The four members of the team (that would be Abraham, LeForbes, Officer, and Skye, in case you forgot, grandma) were waiting outside impatiently for the clock to finally strike 12:00 midnight.
"Here's the plan, guys," Skye said as she unpacked hundreds of grenades, several large IEDs, and a handful of submachine guns (one submachine gun can fit into a hand), "We're going to go inside and use the oldest trick in the book."
"And what would that be?" Abraham asked calmly as he turned the last page in a British Literature textbook.
"Diplomacy," she responded, finalizing her arsenal with a sniper rifle and a scuba suit.
Several seconds had passed since Abraham and Skye's exchange, and LeForbes wanted to break the teeming silence.
"Who's gonna be the talker? I'm not good at negotiating with felons." he commented.
"I think the answer's pretty obvious, Officer's got a great handle on these kinds of things." Skye complimented.
"Thanks babe, I'll do my best." Officer grumbled, but in a romantic kind of way.
Abraham pulled out his Motorola Razr and took a snapshot of the moment, hoping to incorporate it into an album on his Friendster.
"Don't you have any modern technology, kid?" LeForbes asked.

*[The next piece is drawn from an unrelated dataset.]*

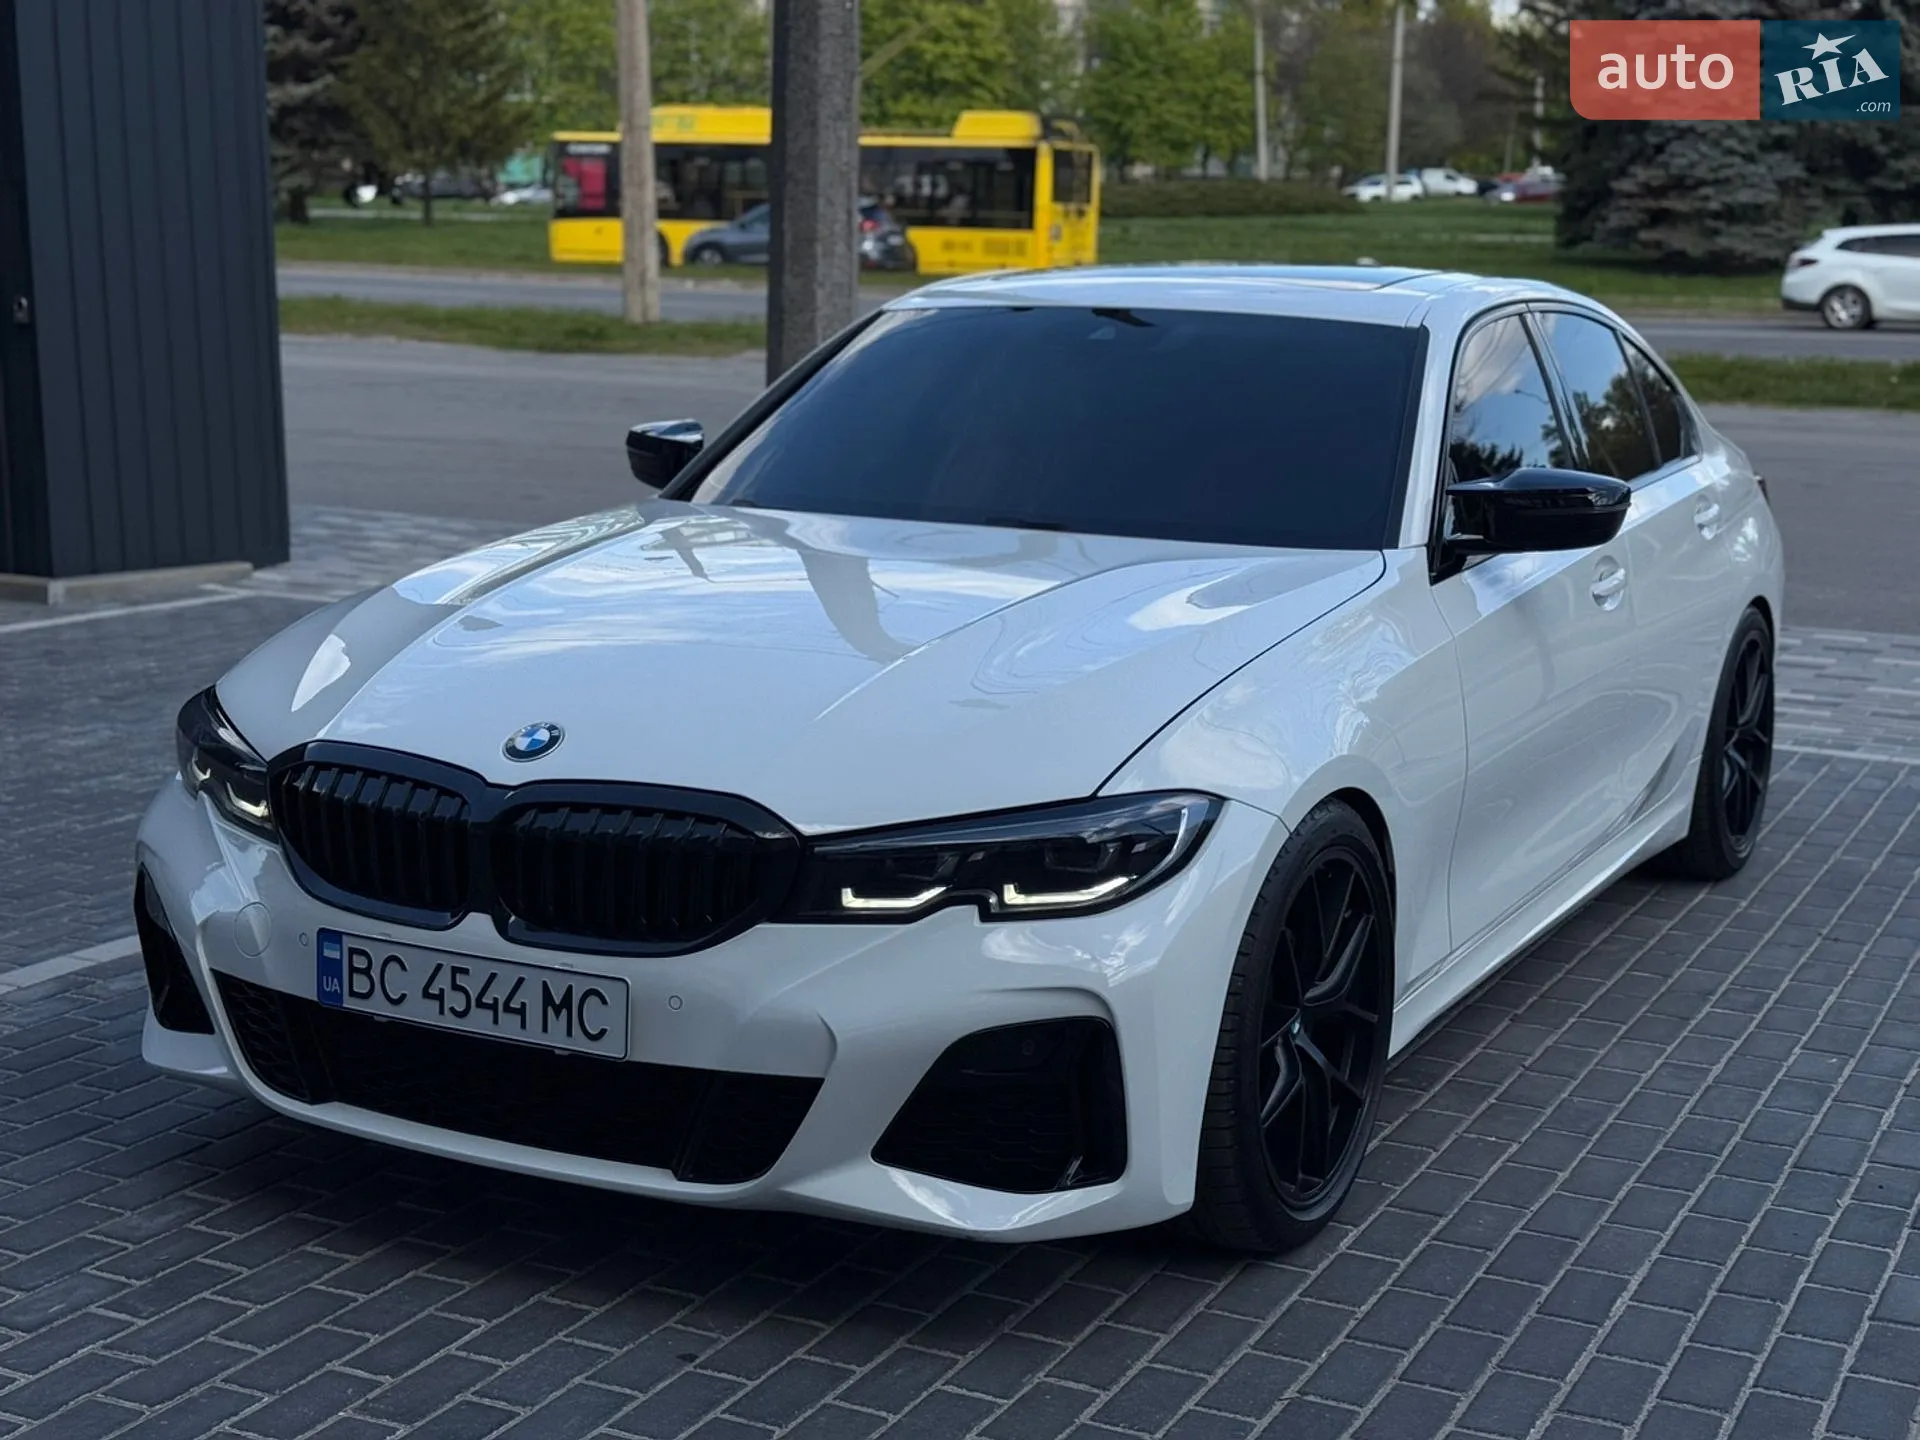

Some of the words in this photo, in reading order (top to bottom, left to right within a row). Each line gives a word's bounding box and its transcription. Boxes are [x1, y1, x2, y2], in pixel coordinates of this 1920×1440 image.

[323, 976, 341, 994] UA
[348, 946, 409, 1006] BC
[421, 963, 528, 1030] 4544
[541, 980, 609, 1042] MC

"I'm older than you, LeForbes."
"That's right," LeForbes said as he remembered he was a teenager.
"It's almost time," Skye warned cautionally.
"Hey Skye, I went ahead and wrote down what I'm going to say to Angelique, see if it sounds good." Officer acquiesced.

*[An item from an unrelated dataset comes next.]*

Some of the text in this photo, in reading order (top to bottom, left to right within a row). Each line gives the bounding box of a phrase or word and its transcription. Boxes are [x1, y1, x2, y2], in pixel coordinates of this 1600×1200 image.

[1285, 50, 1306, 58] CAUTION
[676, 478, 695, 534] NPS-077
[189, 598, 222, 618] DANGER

"Sure." Skye leaned in to read it, and Officer took this opportunity to sniff her hair. It smelled like strawberries and cinnamon.
"This is good. I don't see how a gang of terrorists wouldn't respond positively to a well-written series of points like this. Good job."
Officer swooned in the absolute girliest way possible.
"We should get in position." Abraham thought, then said aloud.
"Good idea," Officer, Skye, and LeForbes sang in a 1st, 3rd, 5th major triad.
They each scooted three inches closer to the door.